Her list includes my three favorite sources: Wazoodle.com, Sew Sassy Fabrics, and Dharma Trading Company, as well as many I've never seen before. This long, unannotated list will mean hours of browsing pleasure (or wasted time--you decide).
Wednesday, November 26, 2008
It struck me after the last post that I had buried the useful links on full bust alterations in the middle of a post on another topic. Just to be clear, I think full bust pattern alterations are the cat's jammies, the cream in my coffee, and way, way better than sliced bread. (Feel free to add your own favorite archaic slang superlative.)
One reason I'm so excited about them is that for years I tried in vain to improve the fit of my shirts, blouses, and jackets. I read books, made slopers, bought pattern after pattern, and cut out disappointing garment after disappointing garment. My problem didn't fit the classic full bust diagnosis, and besides, this is America. How could anyone's bust be too large?
I happened on the issue when I was altering bra patterns. It seems that most sewing pattern companies assume a B-cup bra size. The majority of American women require a C-cup or larger, which means that many of us will benefit from a full bust alteration on sewing patterns.
I tried the adjustment to see what would happen, and it made all the other alterations I'd been using unnecessary. I don't have dowager's hump, forward thrusting shoulders, or a sway-back. Instead, I'm a Jane Russell kind of gal!
Now, this is not just a nicer label for my middle-aged figure. I'm reworking my pattern collection, and getting flattering garments with a minimum of fuss. Sewing is so much more fun when the results are pleasing.
Here's how to determine if the full bust alteration might help you with pattern fitting. First, wearing your best-fitting bra, measure your chest at its fullest point. This is called your full bust measurement, or often, simply your bust measurement. Then, measure your chest above your bust, just under your armpits. This is known as your high bust measurement. If the difference between your full bust measurement and high bust measurement is substantially more than two inches, you may find this pattern alteration useful.

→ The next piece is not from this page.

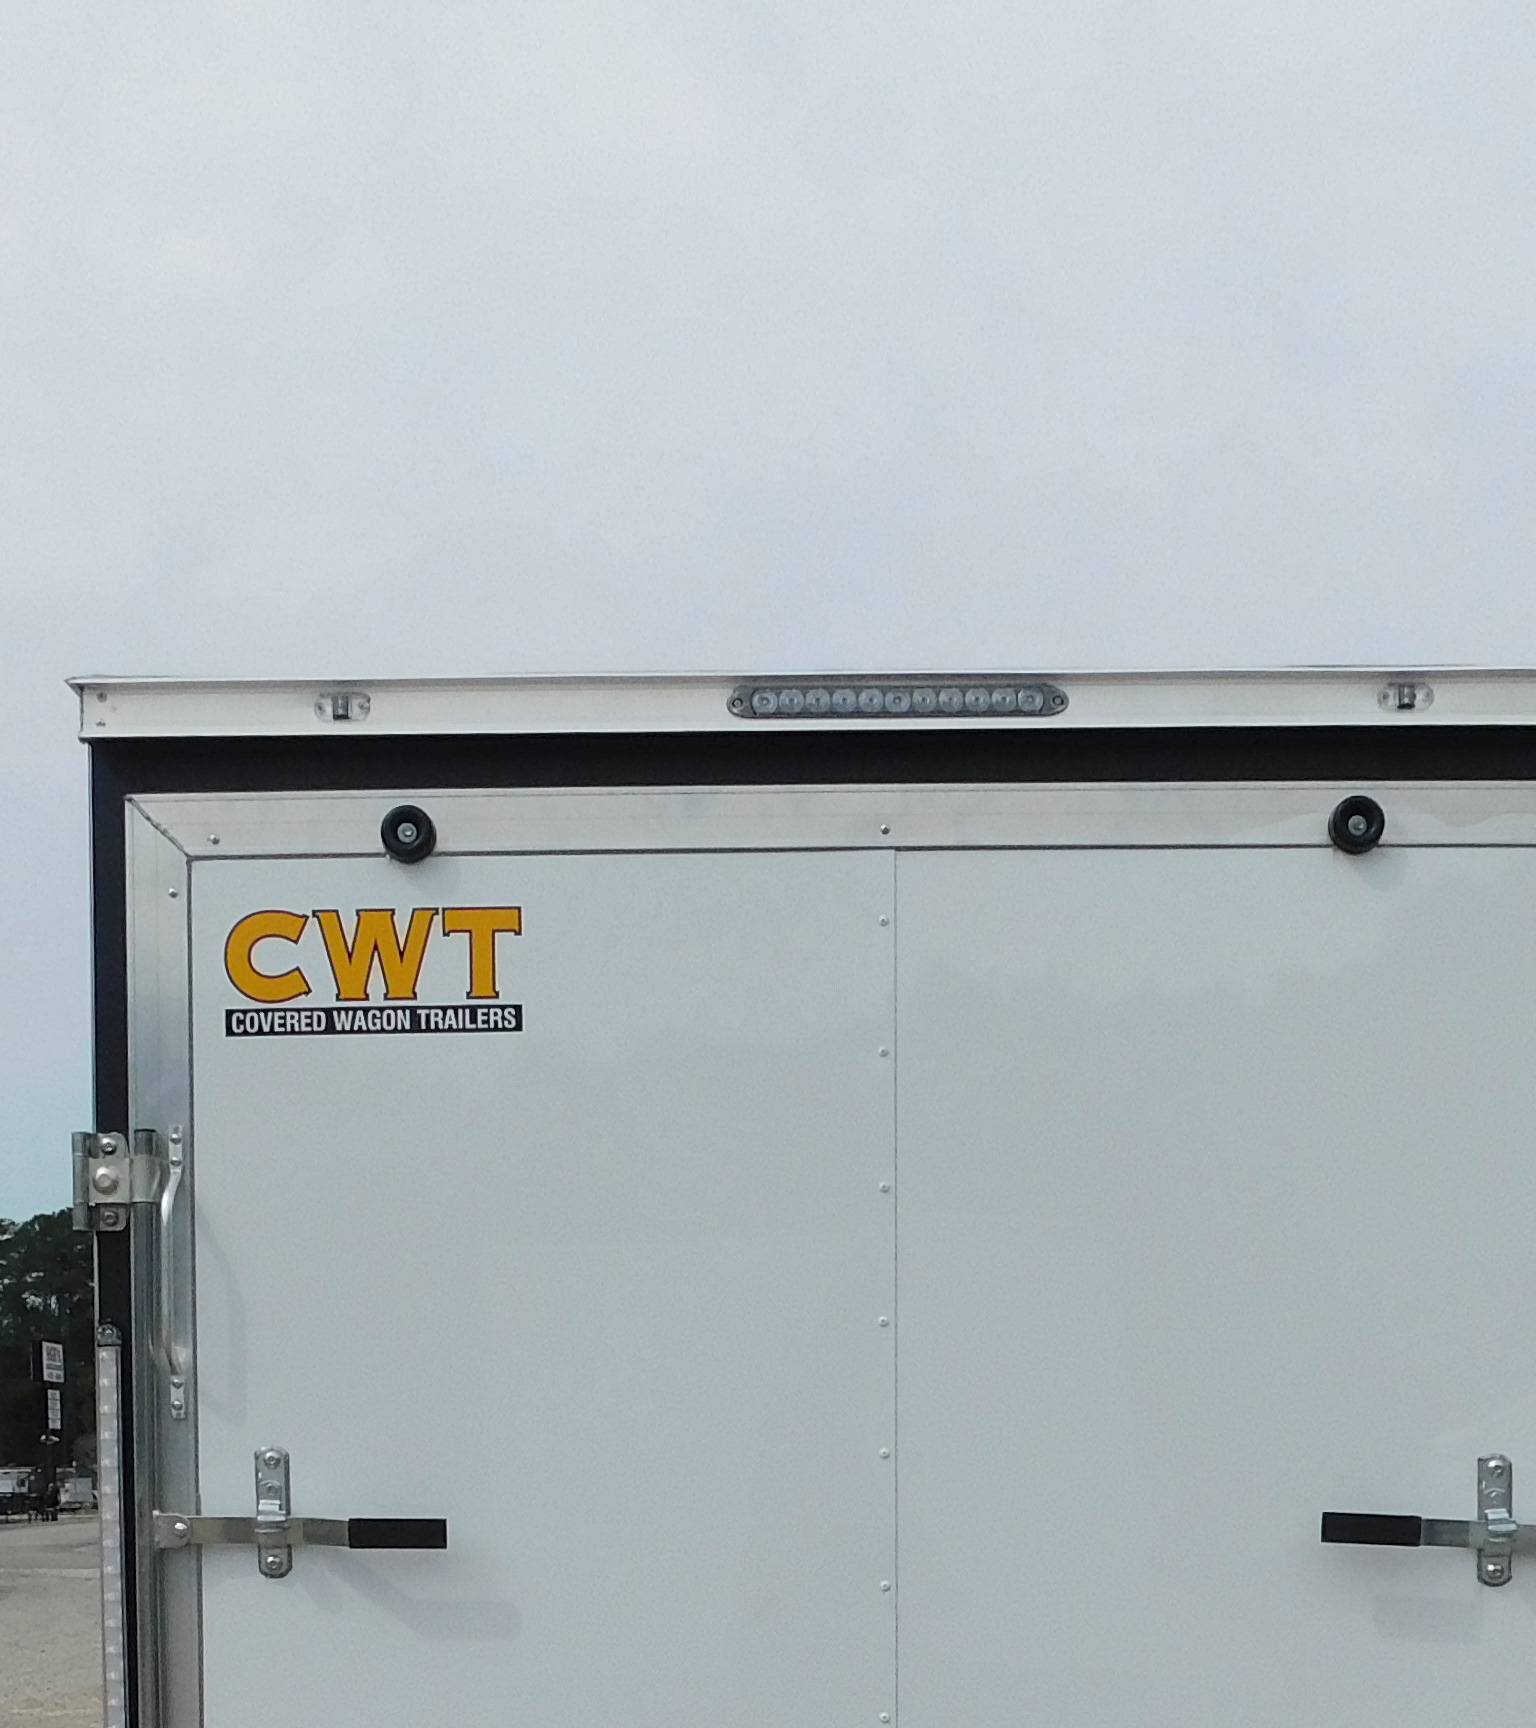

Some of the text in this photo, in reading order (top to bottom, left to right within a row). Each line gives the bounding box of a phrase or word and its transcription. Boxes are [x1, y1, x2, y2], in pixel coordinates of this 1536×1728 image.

[225, 906, 522, 1004] CWT
[231, 1007, 517, 1033] COVERED WAGON TRAILERS

Instead of selecting your pattern size based on your full bust measurement, take your high bust measurement, add two inches, and base your pattern size selection on that number. These helpful links give clear, well-illustrated directions on making a full bust adjustment for various garment types.

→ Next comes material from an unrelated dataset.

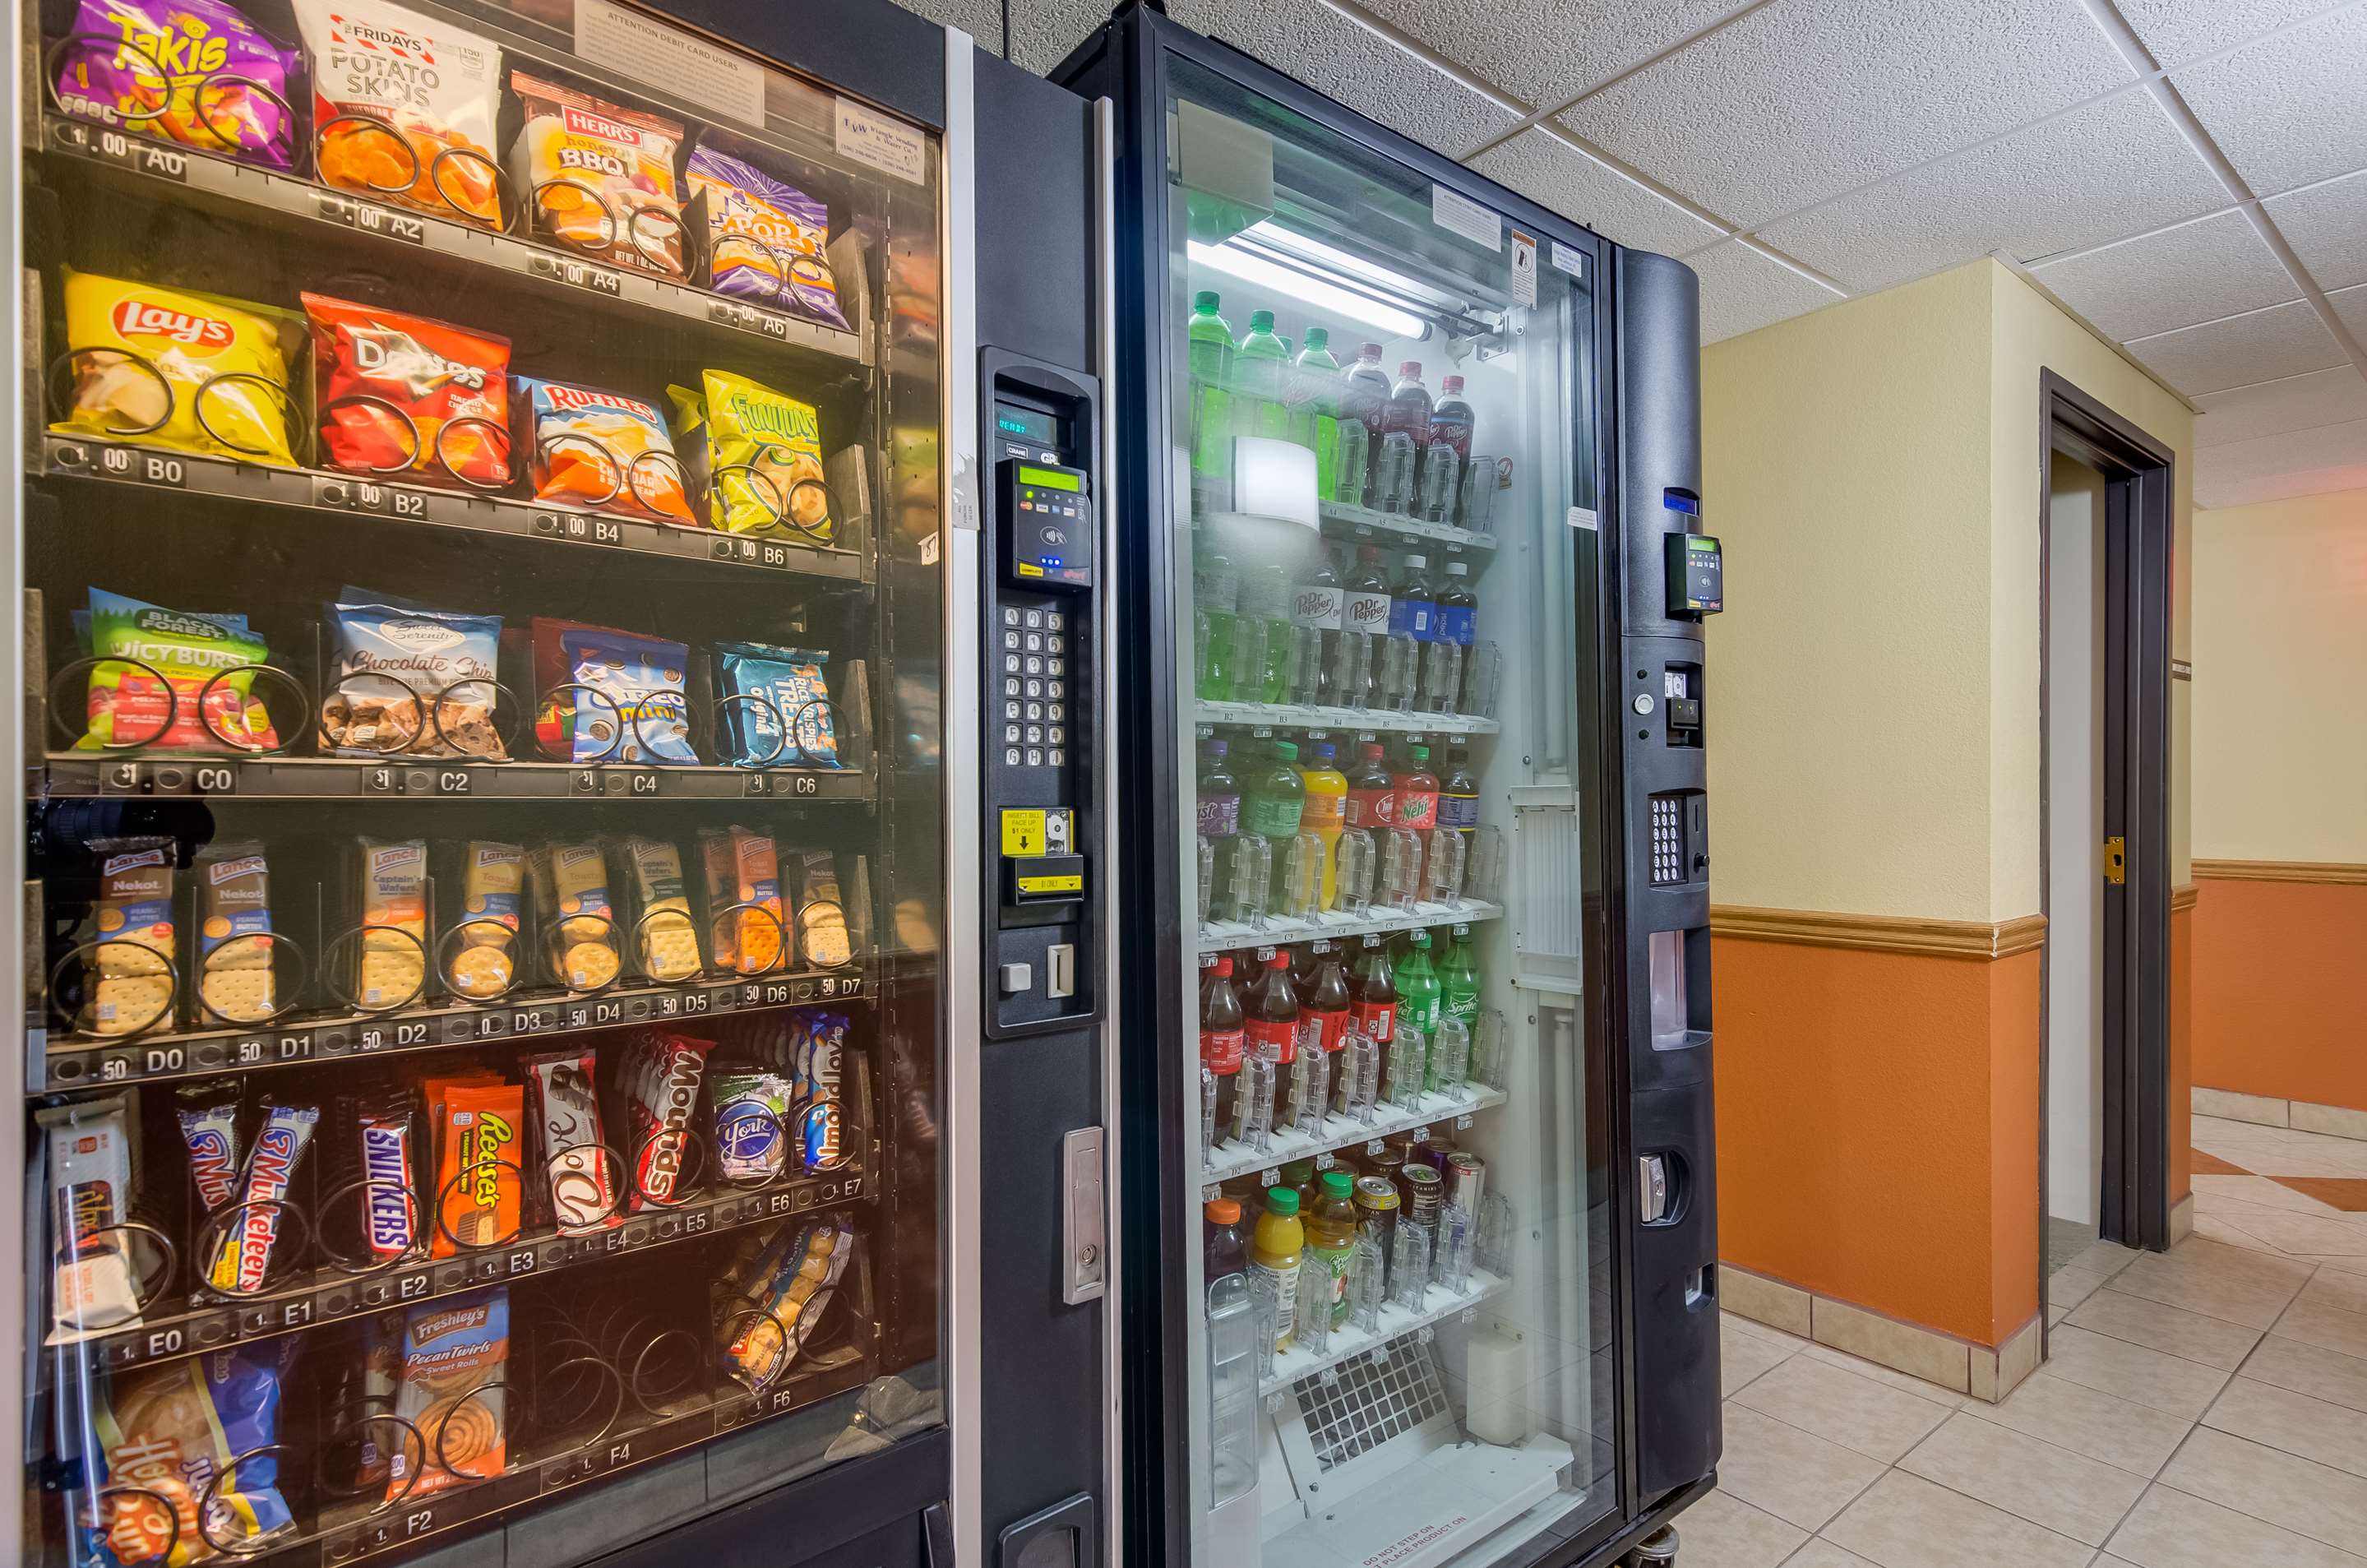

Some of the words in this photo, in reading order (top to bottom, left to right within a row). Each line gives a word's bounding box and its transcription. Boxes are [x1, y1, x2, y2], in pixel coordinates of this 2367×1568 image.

- Full Bust Alteration on Princess Seamed Bodice from Debbie's Sewing Projects--Tips and Project Instructions. Great diagrams, including animation! Also, check out her other projects and instructions.

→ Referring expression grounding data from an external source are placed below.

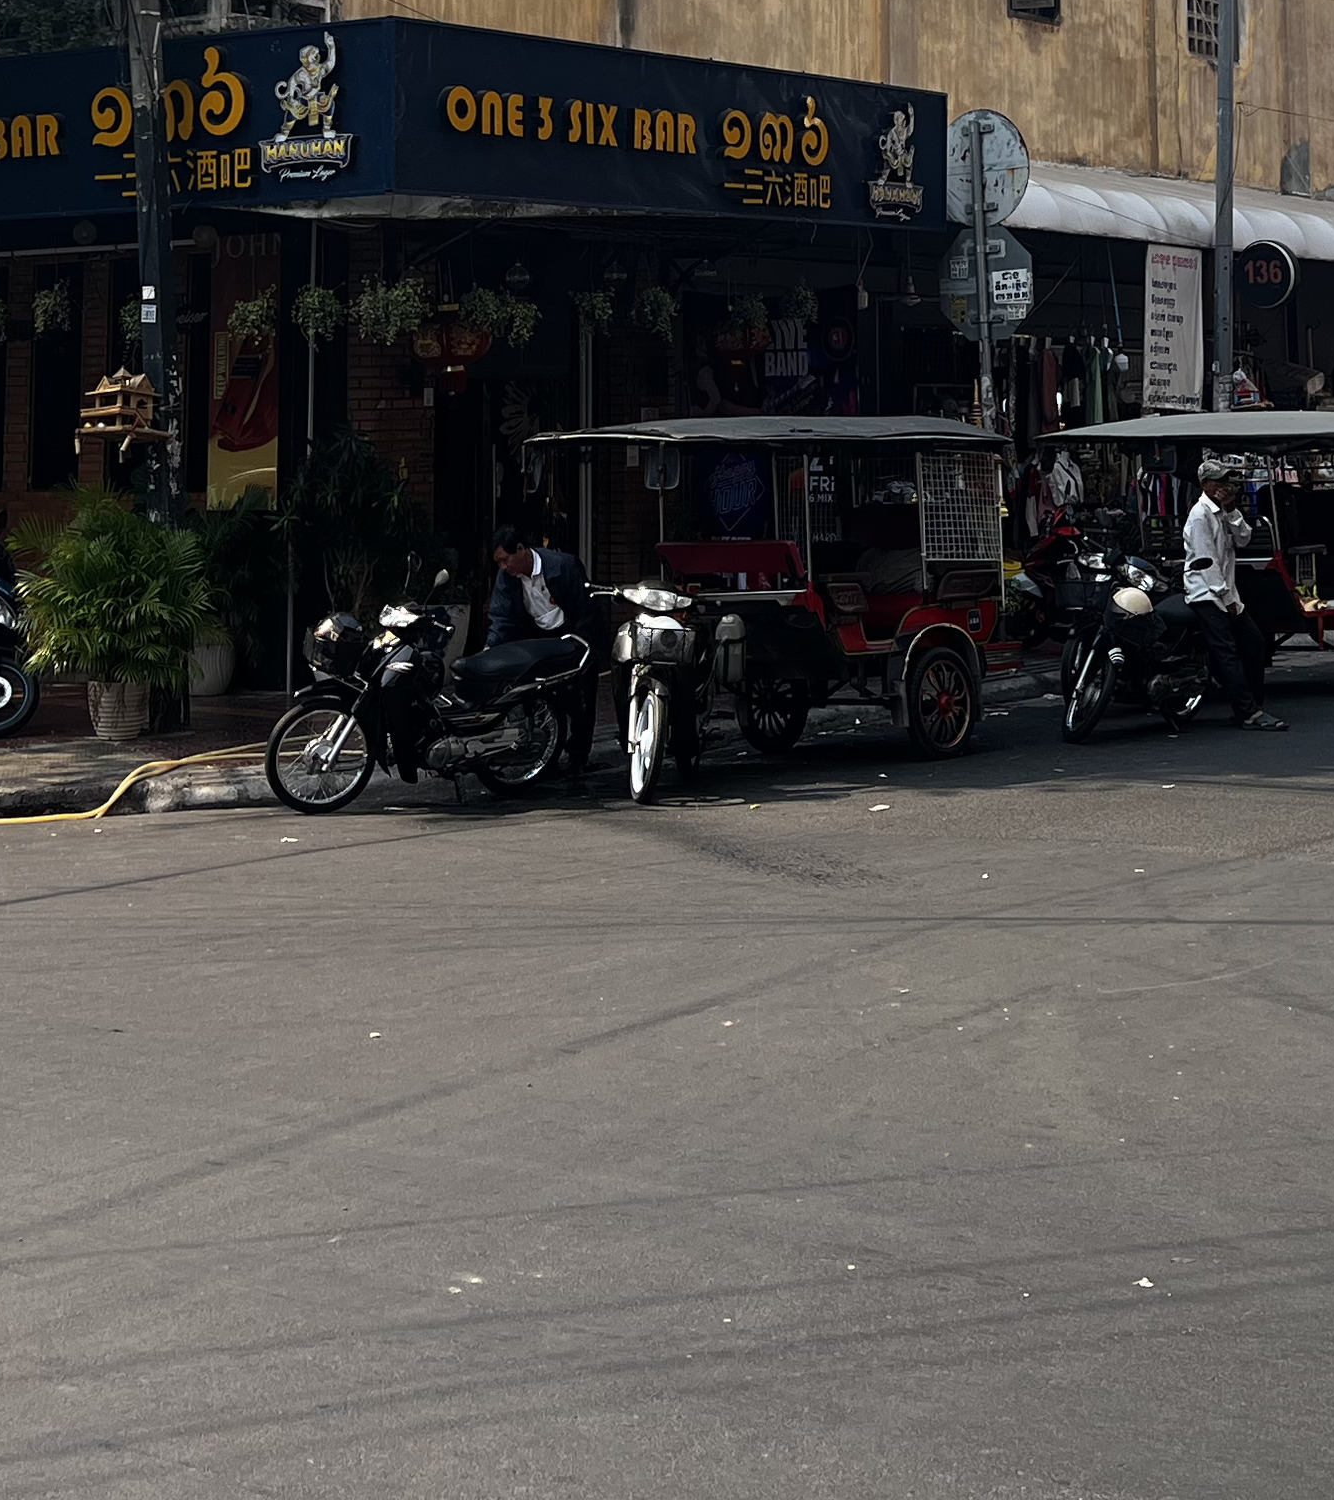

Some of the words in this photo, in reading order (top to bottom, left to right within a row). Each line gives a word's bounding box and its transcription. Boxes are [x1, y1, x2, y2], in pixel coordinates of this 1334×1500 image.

[446, 84, 524, 138] ONE
[536, 95, 555, 141] 3
[568, 99, 619, 148] SIX
[633, 107, 698, 155] BAR
[723, 96, 830, 167] ១៣៦
[265, 139, 346, 162] HANUMAN
[723, 168, 833, 210] 一三六酒吧
[1244, 259, 1284, 285] 136
[764, 350, 809, 377] BAND

- Full Bust Alteration. These are the directions I used for tee-shirts and blouses.
- Adjusting for a Full Bust on a Wrap Top. Photos instead of diagrams, but good instructions, and there are plenty of interesting posts on this blog.
- Full Bust Alterations (or Adjustments) ~ FBA from Sew, Mama, Sew, another blog of sewing tips and suggestions.
Lately I've had a hankering for some new cardigan sweaters out of fleece or velour. As I mentioned before, I'm too cheap to pay for a new sewing pattern when I have already-fitted patterns that can be altered for style. That's why I pulled out Kwiksew 2900, a basic tee-shirt pattern that works well for not-too-stretchy knits. I've altered this pattern to fit and used it a dozen times or more.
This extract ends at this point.